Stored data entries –
= Beginning of Section =
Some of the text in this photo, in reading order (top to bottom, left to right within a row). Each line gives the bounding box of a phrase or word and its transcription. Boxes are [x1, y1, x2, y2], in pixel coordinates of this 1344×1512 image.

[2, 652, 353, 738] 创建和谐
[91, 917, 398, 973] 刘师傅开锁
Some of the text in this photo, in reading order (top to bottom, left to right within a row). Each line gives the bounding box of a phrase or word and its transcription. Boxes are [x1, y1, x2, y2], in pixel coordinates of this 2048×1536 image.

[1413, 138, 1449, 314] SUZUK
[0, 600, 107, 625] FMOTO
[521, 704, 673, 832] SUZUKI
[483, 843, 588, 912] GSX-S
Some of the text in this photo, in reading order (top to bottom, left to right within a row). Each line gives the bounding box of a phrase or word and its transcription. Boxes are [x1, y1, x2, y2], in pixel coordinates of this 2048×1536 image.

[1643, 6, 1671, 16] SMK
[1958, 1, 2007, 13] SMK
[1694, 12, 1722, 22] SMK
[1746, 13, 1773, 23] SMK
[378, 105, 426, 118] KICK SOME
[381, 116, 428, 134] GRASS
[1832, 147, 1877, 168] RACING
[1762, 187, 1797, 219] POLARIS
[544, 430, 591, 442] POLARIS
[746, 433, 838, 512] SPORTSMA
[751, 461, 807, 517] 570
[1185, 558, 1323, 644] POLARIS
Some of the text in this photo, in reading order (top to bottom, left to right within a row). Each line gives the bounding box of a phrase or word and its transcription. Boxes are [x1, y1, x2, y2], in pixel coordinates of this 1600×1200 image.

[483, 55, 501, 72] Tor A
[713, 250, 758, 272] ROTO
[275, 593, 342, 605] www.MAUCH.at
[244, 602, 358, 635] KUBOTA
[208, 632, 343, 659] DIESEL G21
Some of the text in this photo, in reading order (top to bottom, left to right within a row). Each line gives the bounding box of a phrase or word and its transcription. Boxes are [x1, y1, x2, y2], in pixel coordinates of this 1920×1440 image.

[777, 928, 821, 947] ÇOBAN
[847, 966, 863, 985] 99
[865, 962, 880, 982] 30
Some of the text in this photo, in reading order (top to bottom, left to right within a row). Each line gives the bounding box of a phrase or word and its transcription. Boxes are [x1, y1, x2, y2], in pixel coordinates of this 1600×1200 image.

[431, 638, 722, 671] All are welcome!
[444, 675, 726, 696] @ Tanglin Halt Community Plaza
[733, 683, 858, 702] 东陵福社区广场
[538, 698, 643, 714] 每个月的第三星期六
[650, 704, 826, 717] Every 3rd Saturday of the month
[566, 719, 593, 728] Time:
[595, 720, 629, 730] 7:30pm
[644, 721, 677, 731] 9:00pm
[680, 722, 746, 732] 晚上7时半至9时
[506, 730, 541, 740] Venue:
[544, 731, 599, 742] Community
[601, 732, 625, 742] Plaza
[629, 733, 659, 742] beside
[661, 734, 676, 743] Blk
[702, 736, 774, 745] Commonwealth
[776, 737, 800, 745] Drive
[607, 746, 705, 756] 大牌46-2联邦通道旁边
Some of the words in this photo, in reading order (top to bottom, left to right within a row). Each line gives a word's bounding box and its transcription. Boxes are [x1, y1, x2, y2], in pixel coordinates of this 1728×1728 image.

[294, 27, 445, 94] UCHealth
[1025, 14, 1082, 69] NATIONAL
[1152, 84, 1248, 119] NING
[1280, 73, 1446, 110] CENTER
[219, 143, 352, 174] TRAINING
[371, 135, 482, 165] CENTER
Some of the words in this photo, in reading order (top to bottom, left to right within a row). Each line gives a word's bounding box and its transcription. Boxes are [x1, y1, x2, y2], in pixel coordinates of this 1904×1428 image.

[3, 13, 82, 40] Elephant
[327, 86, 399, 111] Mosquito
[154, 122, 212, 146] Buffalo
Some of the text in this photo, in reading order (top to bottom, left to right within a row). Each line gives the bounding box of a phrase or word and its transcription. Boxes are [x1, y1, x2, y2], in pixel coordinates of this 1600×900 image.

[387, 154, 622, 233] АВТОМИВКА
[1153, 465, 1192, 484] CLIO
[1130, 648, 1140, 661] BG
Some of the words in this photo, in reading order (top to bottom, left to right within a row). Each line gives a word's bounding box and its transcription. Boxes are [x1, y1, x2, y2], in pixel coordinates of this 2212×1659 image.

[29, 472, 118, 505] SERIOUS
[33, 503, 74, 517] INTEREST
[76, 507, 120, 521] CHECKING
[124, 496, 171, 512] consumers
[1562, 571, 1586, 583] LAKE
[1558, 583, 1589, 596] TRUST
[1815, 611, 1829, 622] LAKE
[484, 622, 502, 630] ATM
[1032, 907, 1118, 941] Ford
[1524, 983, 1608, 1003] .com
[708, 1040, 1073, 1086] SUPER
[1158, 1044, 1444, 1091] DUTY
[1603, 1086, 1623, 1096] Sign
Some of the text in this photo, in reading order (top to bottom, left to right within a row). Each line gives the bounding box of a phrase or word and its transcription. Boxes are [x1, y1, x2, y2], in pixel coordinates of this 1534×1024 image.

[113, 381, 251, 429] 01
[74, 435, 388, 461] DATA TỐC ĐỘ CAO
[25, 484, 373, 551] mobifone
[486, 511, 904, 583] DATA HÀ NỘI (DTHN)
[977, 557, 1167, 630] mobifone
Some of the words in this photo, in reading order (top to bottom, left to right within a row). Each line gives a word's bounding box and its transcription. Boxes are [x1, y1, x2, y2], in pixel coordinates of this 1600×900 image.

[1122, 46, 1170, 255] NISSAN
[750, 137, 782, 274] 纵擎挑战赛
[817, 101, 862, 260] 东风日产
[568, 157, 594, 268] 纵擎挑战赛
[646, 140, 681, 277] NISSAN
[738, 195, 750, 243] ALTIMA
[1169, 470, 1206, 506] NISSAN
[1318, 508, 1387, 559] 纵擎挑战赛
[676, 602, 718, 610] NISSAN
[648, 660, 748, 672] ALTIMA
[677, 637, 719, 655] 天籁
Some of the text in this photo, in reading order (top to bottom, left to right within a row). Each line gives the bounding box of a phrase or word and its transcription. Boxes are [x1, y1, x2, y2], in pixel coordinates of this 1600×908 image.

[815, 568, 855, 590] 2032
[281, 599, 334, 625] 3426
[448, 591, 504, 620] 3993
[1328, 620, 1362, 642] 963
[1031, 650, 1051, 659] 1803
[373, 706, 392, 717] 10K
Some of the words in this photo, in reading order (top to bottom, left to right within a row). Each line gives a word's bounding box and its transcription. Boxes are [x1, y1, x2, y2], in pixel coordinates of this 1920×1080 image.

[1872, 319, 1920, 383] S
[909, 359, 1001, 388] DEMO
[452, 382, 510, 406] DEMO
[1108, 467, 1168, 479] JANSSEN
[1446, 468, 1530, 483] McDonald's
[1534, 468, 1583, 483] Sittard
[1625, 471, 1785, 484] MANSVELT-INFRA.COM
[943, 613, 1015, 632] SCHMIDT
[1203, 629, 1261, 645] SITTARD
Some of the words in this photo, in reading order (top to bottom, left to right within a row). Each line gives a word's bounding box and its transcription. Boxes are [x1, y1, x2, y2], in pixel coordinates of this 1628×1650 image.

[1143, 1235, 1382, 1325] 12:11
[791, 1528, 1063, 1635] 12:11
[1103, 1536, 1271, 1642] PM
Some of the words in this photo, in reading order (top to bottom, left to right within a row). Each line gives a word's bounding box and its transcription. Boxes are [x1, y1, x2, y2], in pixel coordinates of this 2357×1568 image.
= End of Section =
TO DO – Could you retype every record above exactly as it appears?

PROBLEM SOLUTION –
Some of the text in this photo, in reading order (top to bottom, left to right within a row). Each line gives the bounding box of a phrase or word and its transcription. Boxes are [x1, y1, x2, y2], in pixel coordinates of this 1344×1512 image.

[2, 652, 353, 738] 创建和谐
[91, 917, 398, 973] 刘师傅开锁
Some of the text in this photo, in reading order (top to bottom, left to right within a row). Each line gives the bounding box of a phrase or word and its transcription. Boxes are [x1, y1, x2, y2], in pixel coordinates of this 2048×1536 image.

[1413, 138, 1449, 314] SUZUK
[0, 600, 107, 625] FMOTO
[521, 704, 673, 832] SUZUKI
[483, 843, 588, 912] GSX-S
Some of the text in this photo, in reading order (top to bottom, left to right within a row). Each line gives the bounding box of a phrase or word and its transcription. Boxes are [x1, y1, x2, y2], in pixel coordinates of this 2048×1536 image.

[1643, 6, 1671, 16] SMK
[1958, 1, 2007, 13] SMK
[1694, 12, 1722, 22] SMK
[1746, 13, 1773, 23] SMK
[378, 105, 426, 118] KICK SOME
[381, 116, 428, 134] GRASS
[1832, 147, 1877, 168] RACING
[1762, 187, 1797, 219] POLARIS
[544, 430, 591, 442] POLARIS
[746, 433, 838, 512] SPORTSMA
[751, 461, 807, 517] 570
[1185, 558, 1323, 644] POLARIS
Some of the text in this photo, in reading order (top to bottom, left to right within a row). Each line gives the bounding box of a phrase or word and its transcription. Boxes are [x1, y1, x2, y2], in pixel coordinates of this 1600×1200 image.

[483, 55, 501, 72] Tor A
[713, 250, 758, 272] ROTO
[275, 593, 342, 605] www.MAUCH.at
[244, 602, 358, 635] KUBOTA
[208, 632, 343, 659] DIESEL G21
Some of the text in this photo, in reading order (top to bottom, left to right within a row). Each line gives the bounding box of a phrase or word and its transcription. Boxes are [x1, y1, x2, y2], in pixel coordinates of this 1920×1440 image.

[777, 928, 821, 947] ÇOBAN
[847, 966, 863, 985] 99
[865, 962, 880, 982] 30
Some of the text in this photo, in reading order (top to bottom, left to right within a row). Each line gives the bounding box of a phrase or word and its transcription. Boxes are [x1, y1, x2, y2], in pixel coordinates of this 1600×1200 image.

[431, 638, 722, 671] All are welcome!
[444, 675, 726, 696] @ Tanglin Halt Community Plaza
[733, 683, 858, 702] 东陵福社区广场
[538, 698, 643, 714] 每个月的第三星期六
[650, 704, 826, 717] Every 3rd Saturday of the month
[566, 719, 593, 728] Time:
[595, 720, 629, 730] 7:30pm
[644, 721, 677, 731] 9:00pm
[680, 722, 746, 732] 晚上7时半至9时
[506, 730, 541, 740] Venue:
[544, 731, 599, 742] Community
[601, 732, 625, 742] Plaza
[629, 733, 659, 742] beside
[661, 734, 676, 743] Blk
[702, 736, 774, 745] Commonwealth
[776, 737, 800, 745] Drive
[607, 746, 705, 756] 大牌46-2联邦通道旁边
Some of the words in this photo, in reading order (top to bottom, left to right within a row). Each line gives a word's bounding box and its transcription. Boxes are [x1, y1, x2, y2], in pixel coordinates of this 1728×1728 image.

[294, 27, 445, 94] UCHealth
[1025, 14, 1082, 69] NATIONAL
[1152, 84, 1248, 119] NING
[1280, 73, 1446, 110] CENTER
[219, 143, 352, 174] TRAINING
[371, 135, 482, 165] CENTER
Some of the words in this photo, in reading order (top to bottom, left to right within a row). Each line gives a word's bounding box and its transcription. Boxes are [x1, y1, x2, y2], in pixel coordinates of this 1904×1428 image.

[3, 13, 82, 40] Elephant
[327, 86, 399, 111] Mosquito
[154, 122, 212, 146] Buffalo
Some of the text in this photo, in reading order (top to bottom, left to right within a row). Each line gives the bounding box of a phrase or word and its transcription. Boxes are [x1, y1, x2, y2], in pixel coordinates of this 1600×900 image.

[387, 154, 622, 233] АВТОМИВКА
[1153, 465, 1192, 484] CLIO
[1130, 648, 1140, 661] BG
Some of the words in this photo, in reading order (top to bottom, left to right within a row). Each line gives a word's bounding box and its transcription. Boxes are [x1, y1, x2, y2], in pixel coordinates of this 2212×1659 image.

[29, 472, 118, 505] SERIOUS
[33, 503, 74, 517] INTEREST
[76, 507, 120, 521] CHECKING
[124, 496, 171, 512] consumers
[1562, 571, 1586, 583] LAKE
[1558, 583, 1589, 596] TRUST
[1815, 611, 1829, 622] LAKE
[484, 622, 502, 630] ATM
[1032, 907, 1118, 941] Ford
[1524, 983, 1608, 1003] .com
[708, 1040, 1073, 1086] SUPER
[1158, 1044, 1444, 1091] DUTY
[1603, 1086, 1623, 1096] Sign
Some of the text in this photo, in reading order (top to bottom, left to right within a row). Each line gives the bounding box of a phrase or word and its transcription. Boxes are [x1, y1, x2, y2], in pixel coordinates of this 1534×1024 image.

[113, 381, 251, 429] 01
[74, 435, 388, 461] DATA TỐC ĐỘ CAO
[25, 484, 373, 551] mobifone
[486, 511, 904, 583] DATA HÀ NỘI (DTHN)
[977, 557, 1167, 630] mobifone
Some of the words in this photo, in reading order (top to bottom, left to right within a row). Each line gives a word's bounding box and its transcription. Boxes are [x1, y1, x2, y2], in pixel coordinates of this 1600×900 image.

[1122, 46, 1170, 255] NISSAN
[750, 137, 782, 274] 纵擎挑战赛
[817, 101, 862, 260] 东风日产
[568, 157, 594, 268] 纵擎挑战赛
[646, 140, 681, 277] NISSAN
[738, 195, 750, 243] ALTIMA
[1169, 470, 1206, 506] NISSAN
[1318, 508, 1387, 559] 纵擎挑战赛
[676, 602, 718, 610] NISSAN
[648, 660, 748, 672] ALTIMA
[677, 637, 719, 655] 天籁
Some of the text in this photo, in reading order (top to bottom, left to right within a row). Each line gives the bounding box of a phrase or word and its transcription. Boxes are [x1, y1, x2, y2], in pixel coordinates of this 1600×908 image.

[815, 568, 855, 590] 2032
[281, 599, 334, 625] 3426
[448, 591, 504, 620] 3993
[1328, 620, 1362, 642] 963
[1031, 650, 1051, 659] 1803
[373, 706, 392, 717] 10K
Some of the words in this photo, in reading order (top to bottom, left to right within a row). Each line gives a word's bounding box and its transcription. Boxes are [x1, y1, x2, y2], in pixel coordinates of this 1920×1080 image.

[1872, 319, 1920, 383] S
[909, 359, 1001, 388] DEMO
[452, 382, 510, 406] DEMO
[1108, 467, 1168, 479] JANSSEN
[1446, 468, 1530, 483] McDonald's
[1534, 468, 1583, 483] Sittard
[1625, 471, 1785, 484] MANSVELT-INFRA.COM
[943, 613, 1015, 632] SCHMIDT
[1203, 629, 1261, 645] SITTARD
Some of the words in this photo, in reading order (top to bottom, left to right within a row). Each line gives a word's bounding box and its transcription. Boxes are [x1, y1, x2, y2], in pixel coordinates of this 1628×1650 image.

[1143, 1235, 1382, 1325] 12:11
[791, 1528, 1063, 1635] 12:11
[1103, 1536, 1271, 1642] PM
Some of the words in this photo, in reading order (top to bottom, left to right within a row). Each line gives a word's bounding box and its transcription. Boxes are [x1, y1, x2, y2], in pixel coordinates of this 2357×1568 image.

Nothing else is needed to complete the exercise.